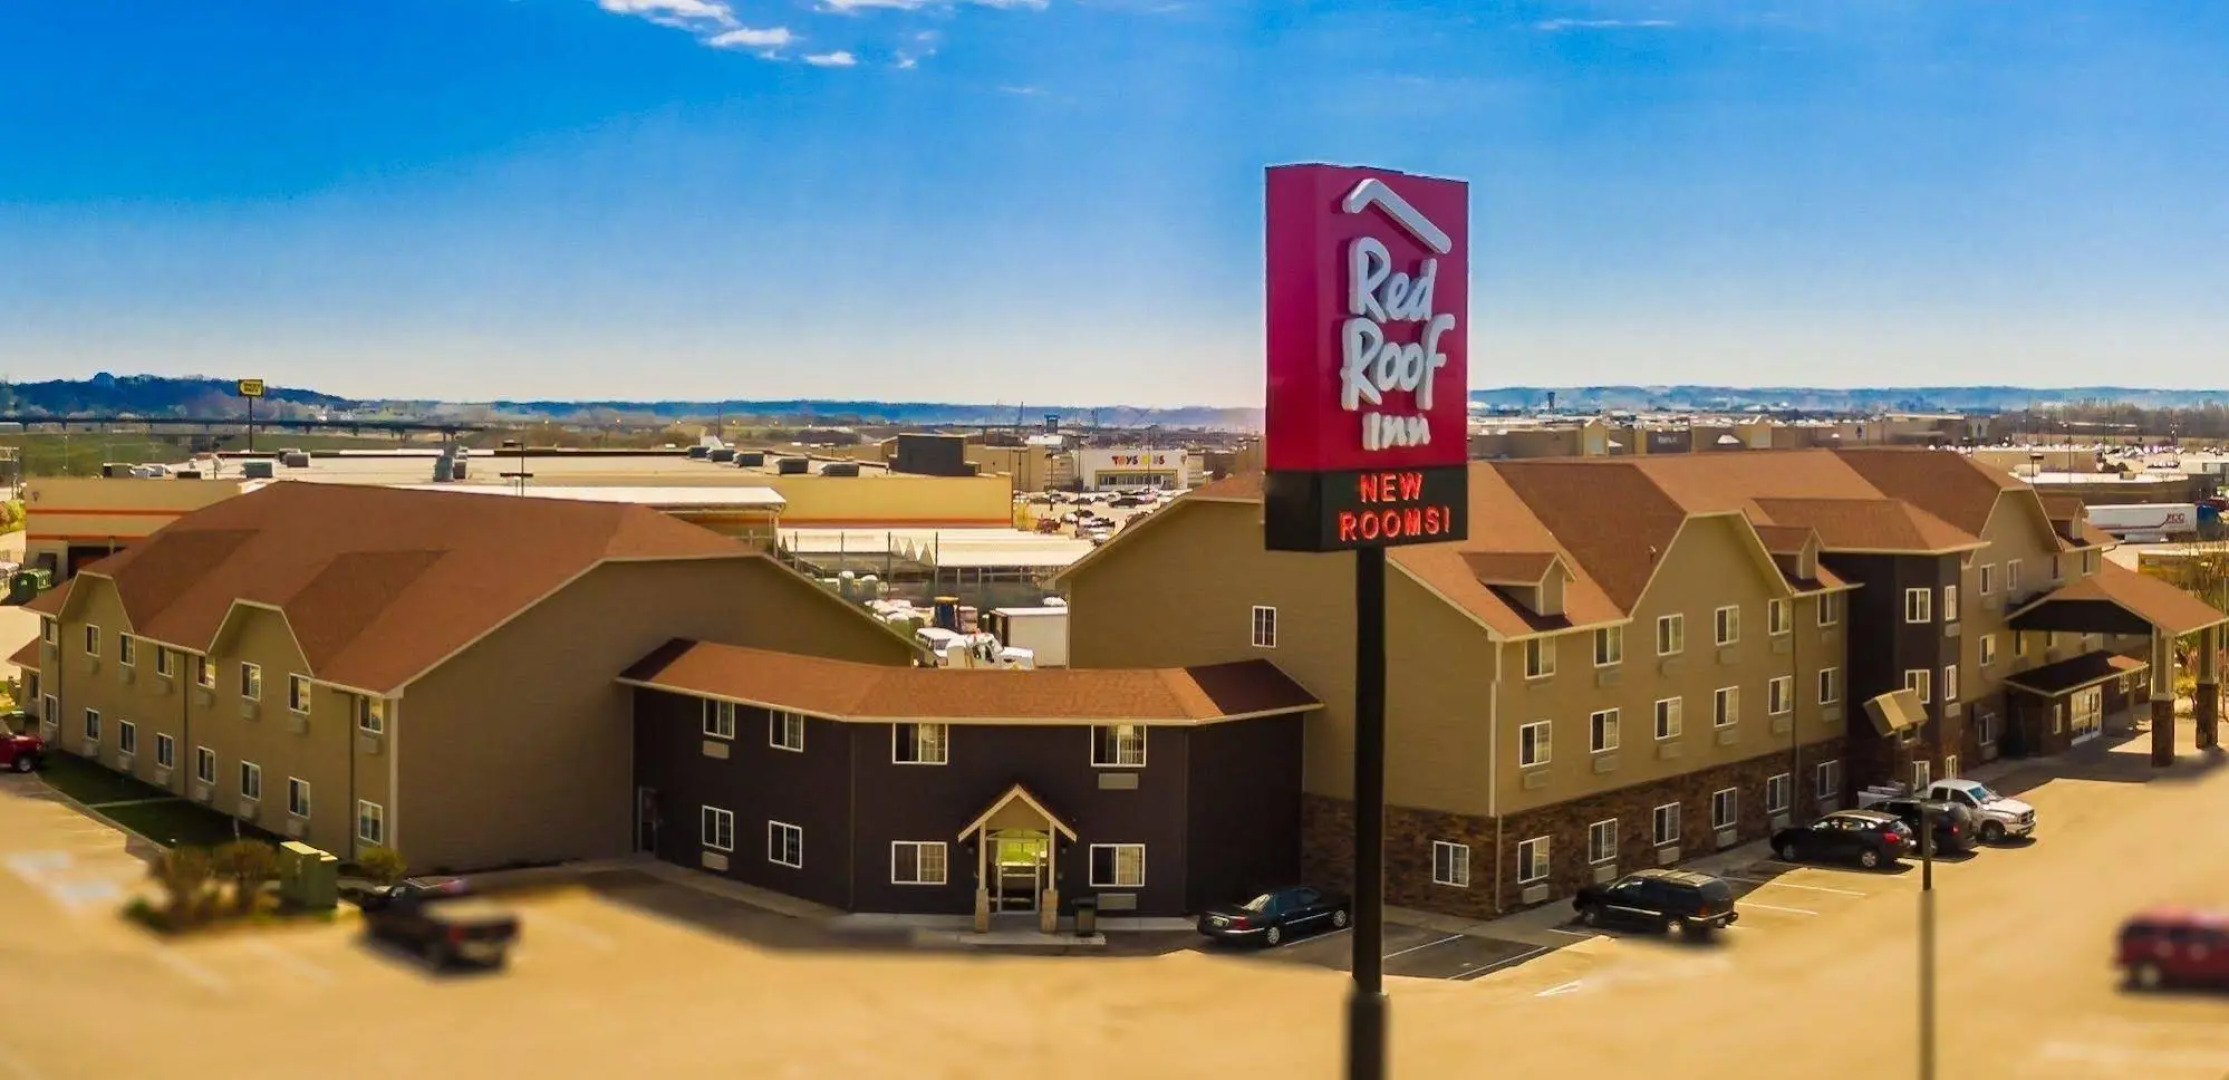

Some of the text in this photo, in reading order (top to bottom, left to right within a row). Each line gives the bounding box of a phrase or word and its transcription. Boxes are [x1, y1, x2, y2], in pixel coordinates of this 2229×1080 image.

[1349, 236, 1438, 323] Red
[1340, 313, 1456, 411] Roof
[1362, 411, 1431, 451] Inn
[1112, 455, 1139, 465] TOYS
[1360, 472, 1423, 503] NEW
[1338, 504, 1450, 542] ROOMS!
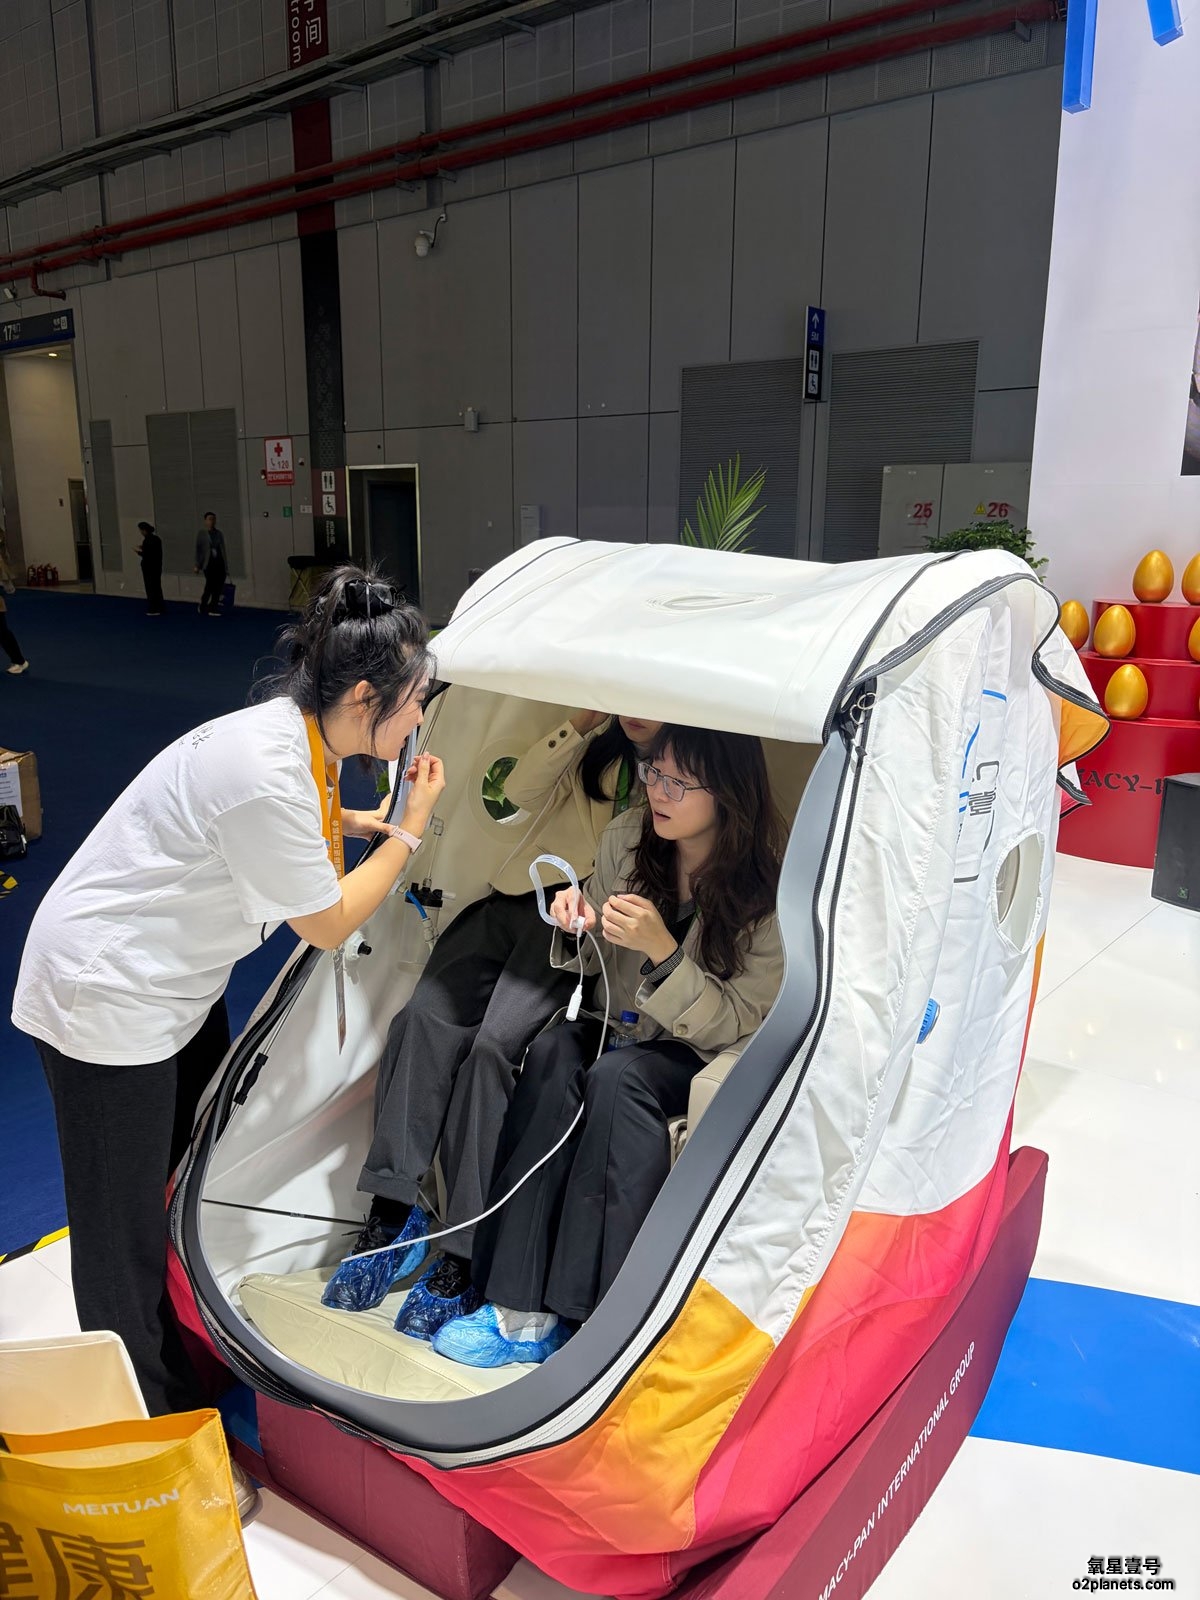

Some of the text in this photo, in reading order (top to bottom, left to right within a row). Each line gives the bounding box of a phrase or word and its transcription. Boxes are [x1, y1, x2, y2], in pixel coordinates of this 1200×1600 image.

+++++

## TASK TO COMPLETE
The pictures stay out of the copy. Set down the entries above precisely.

## RESPONSE TO THIS EXERCISE
Some of the text in this photo, in reading order (top to bottom, left to right within a row). Each line gives the bounding box of a phrase or word and its transcription. Boxes are [x1, y1, x2, y2], in pixel coordinates of this 2229×1080 image.

[1349, 236, 1438, 323] Red
[1340, 313, 1456, 411] Roof
[1362, 411, 1431, 451] Inn
[1112, 455, 1139, 465] TOYS
[1360, 472, 1423, 503] NEW
[1338, 504, 1450, 542] ROOMS!

Some of the text in this photo, in reading order (top to bottom, left to right within a row). Each line gives the bounding box of a phrase or word and its transcription. Boxes are [x1, y1, x2, y2], in pixel coordinates of this 1200×1600 image.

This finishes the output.